→ Supplied material:
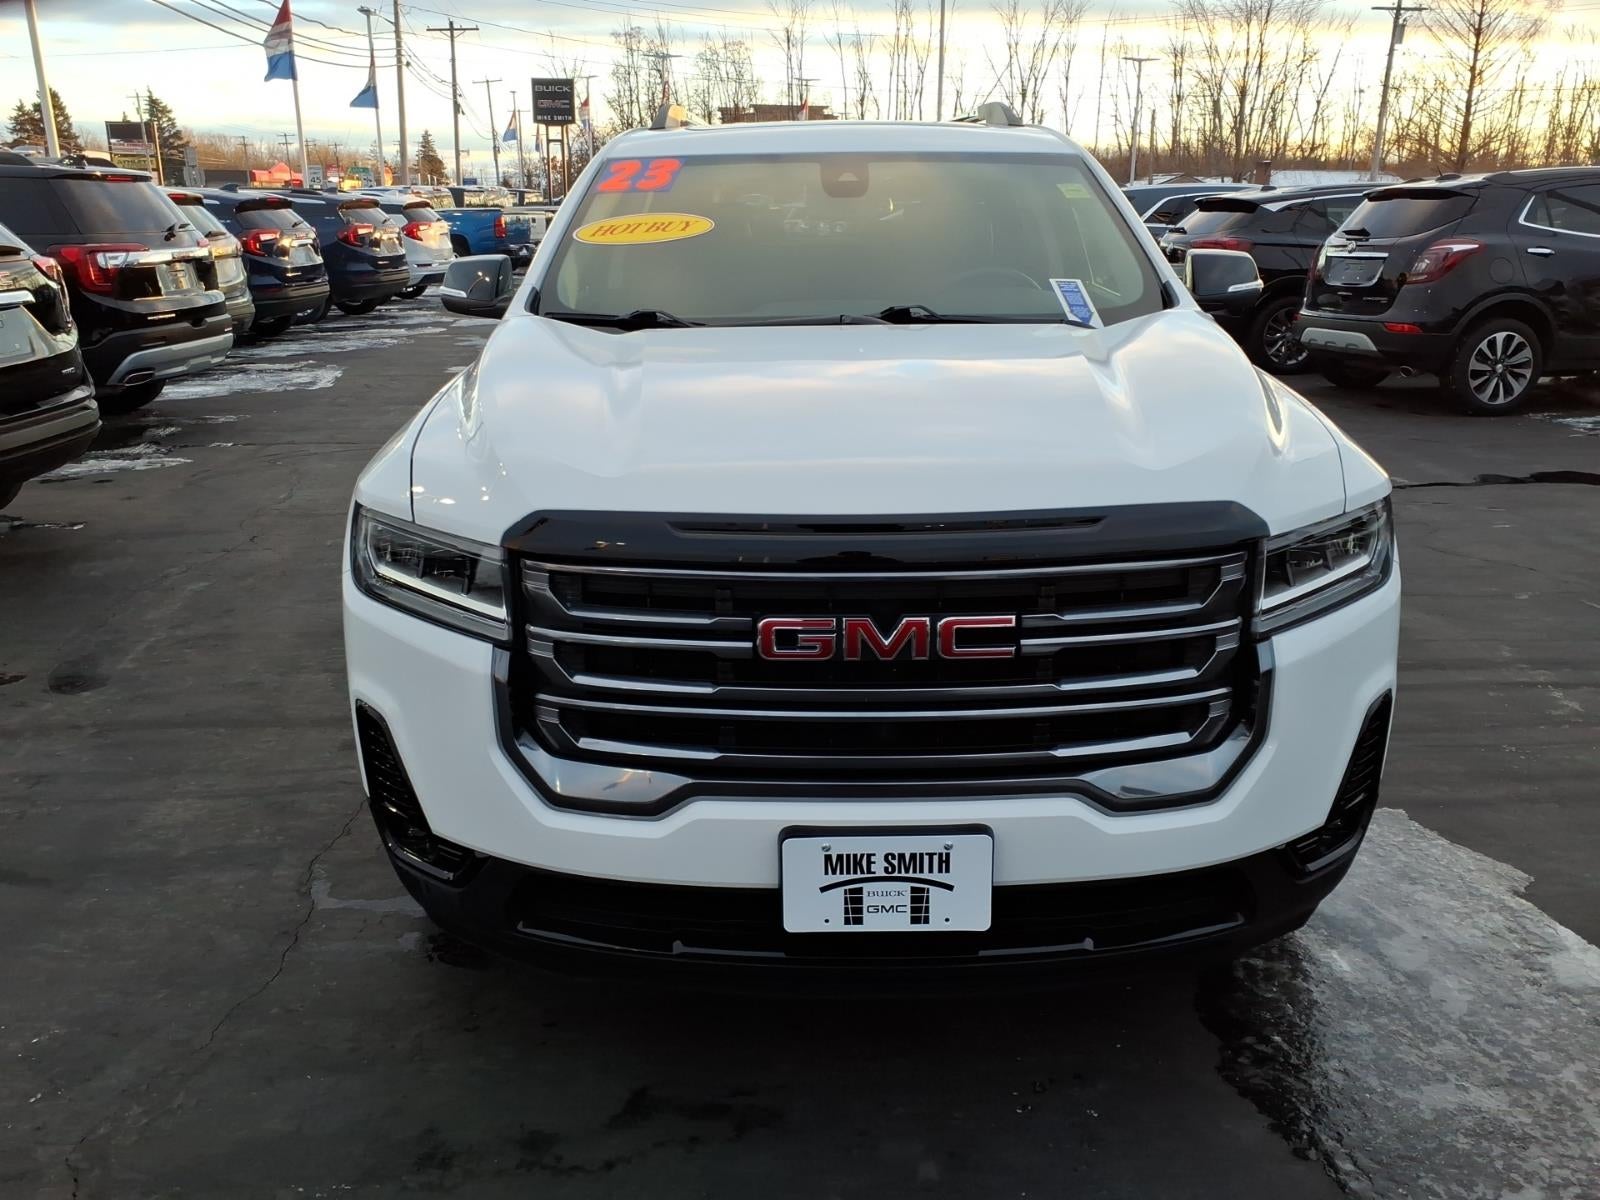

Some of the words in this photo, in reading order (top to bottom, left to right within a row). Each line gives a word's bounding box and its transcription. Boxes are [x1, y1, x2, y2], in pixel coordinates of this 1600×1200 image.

[537, 99, 570, 108] GMC
[597, 158, 683, 192] 23
[589, 222, 648, 238] HOT
[643, 220, 699, 234] BUY
[757, 615, 1017, 660] GMC
[823, 853, 876, 875] MIKE
[883, 852, 951, 875] SMITH
[867, 890, 907, 898] BUICK
[866, 904, 908, 914] GMC

→ Activity:
Repeat the listing verbatim, pictures excluded.

→ Exercise answer:
Some of the words in this photo, in reading order (top to bottom, left to right within a row). Each line gives a word's bounding box and its transcription. Boxes are [x1, y1, x2, y2], in pixel coordinates of this 1600×1200 image.

[537, 99, 570, 108] GMC
[597, 158, 683, 192] 23
[589, 222, 648, 238] HOT
[643, 220, 699, 234] BUY
[757, 615, 1017, 660] GMC
[823, 853, 876, 875] MIKE
[883, 852, 951, 875] SMITH
[867, 890, 907, 898] BUICK
[866, 904, 908, 914] GMC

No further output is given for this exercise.